Records from a collection:
╭──

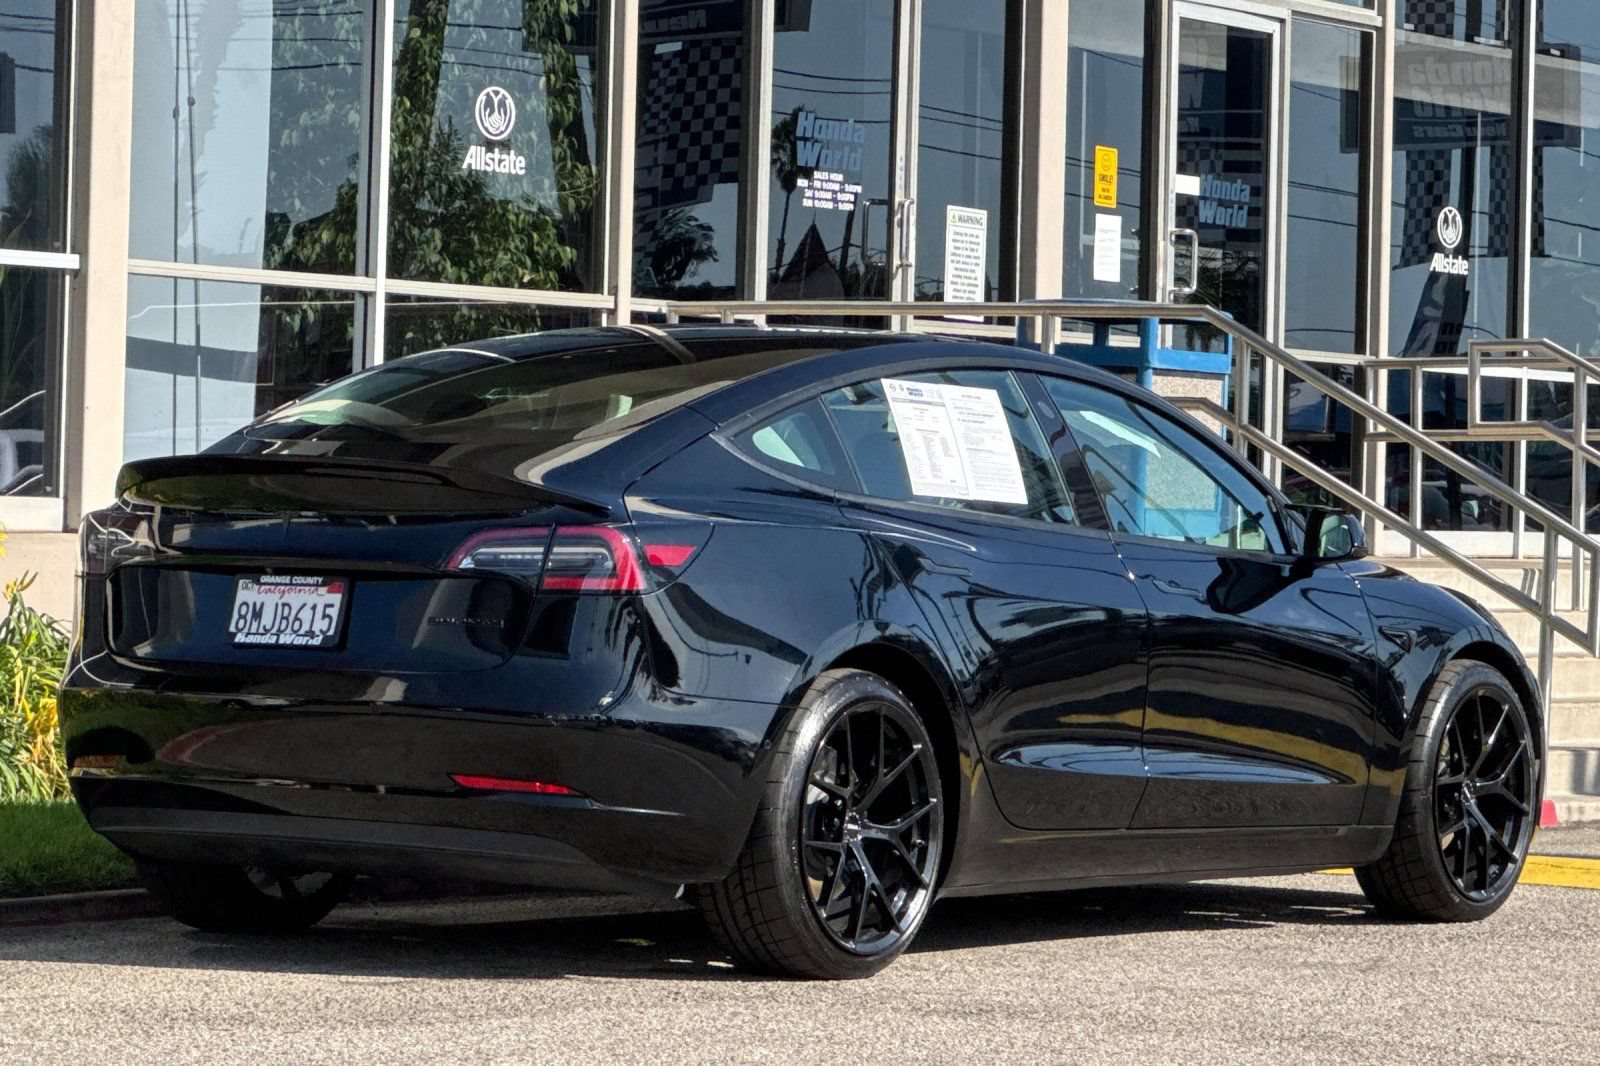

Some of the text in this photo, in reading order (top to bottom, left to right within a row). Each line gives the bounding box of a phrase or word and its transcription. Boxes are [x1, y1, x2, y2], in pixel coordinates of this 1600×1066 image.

[796, 111, 866, 144] Honda
[462, 145, 526, 175] Allstate
[796, 141, 863, 172] World
[1200, 173, 1251, 202] Honda
[957, 214, 983, 227] WARNING
[1199, 200, 1248, 228] World
[1429, 252, 1469, 275] Allstate
[257, 584, 320, 600] California
[260, 575, 323, 585] ORANGE COUNTY
[235, 601, 335, 636] 8MJB615
[234, 632, 278, 644] Honda

╰──

### PROBLEM TO WORK ON
Without the pictures, give all the records above again exactly.

### PROBLEM SOLUTION
Some of the text in this photo, in reading order (top to bottom, left to right within a row). Each line gives the bounding box of a phrase or word and its transcription. Boxes are [x1, y1, x2, y2], in pixel coordinates of this 1600×1066 image.

[796, 111, 866, 144] Honda
[462, 145, 526, 175] Allstate
[796, 141, 863, 172] World
[1200, 173, 1251, 202] Honda
[957, 214, 983, 227] WARNING
[1199, 200, 1248, 228] World
[1429, 252, 1469, 275] Allstate
[257, 584, 320, 600] California
[260, 575, 323, 585] ORANGE COUNTY
[235, 601, 335, 636] 8MJB615
[234, 632, 278, 644] Honda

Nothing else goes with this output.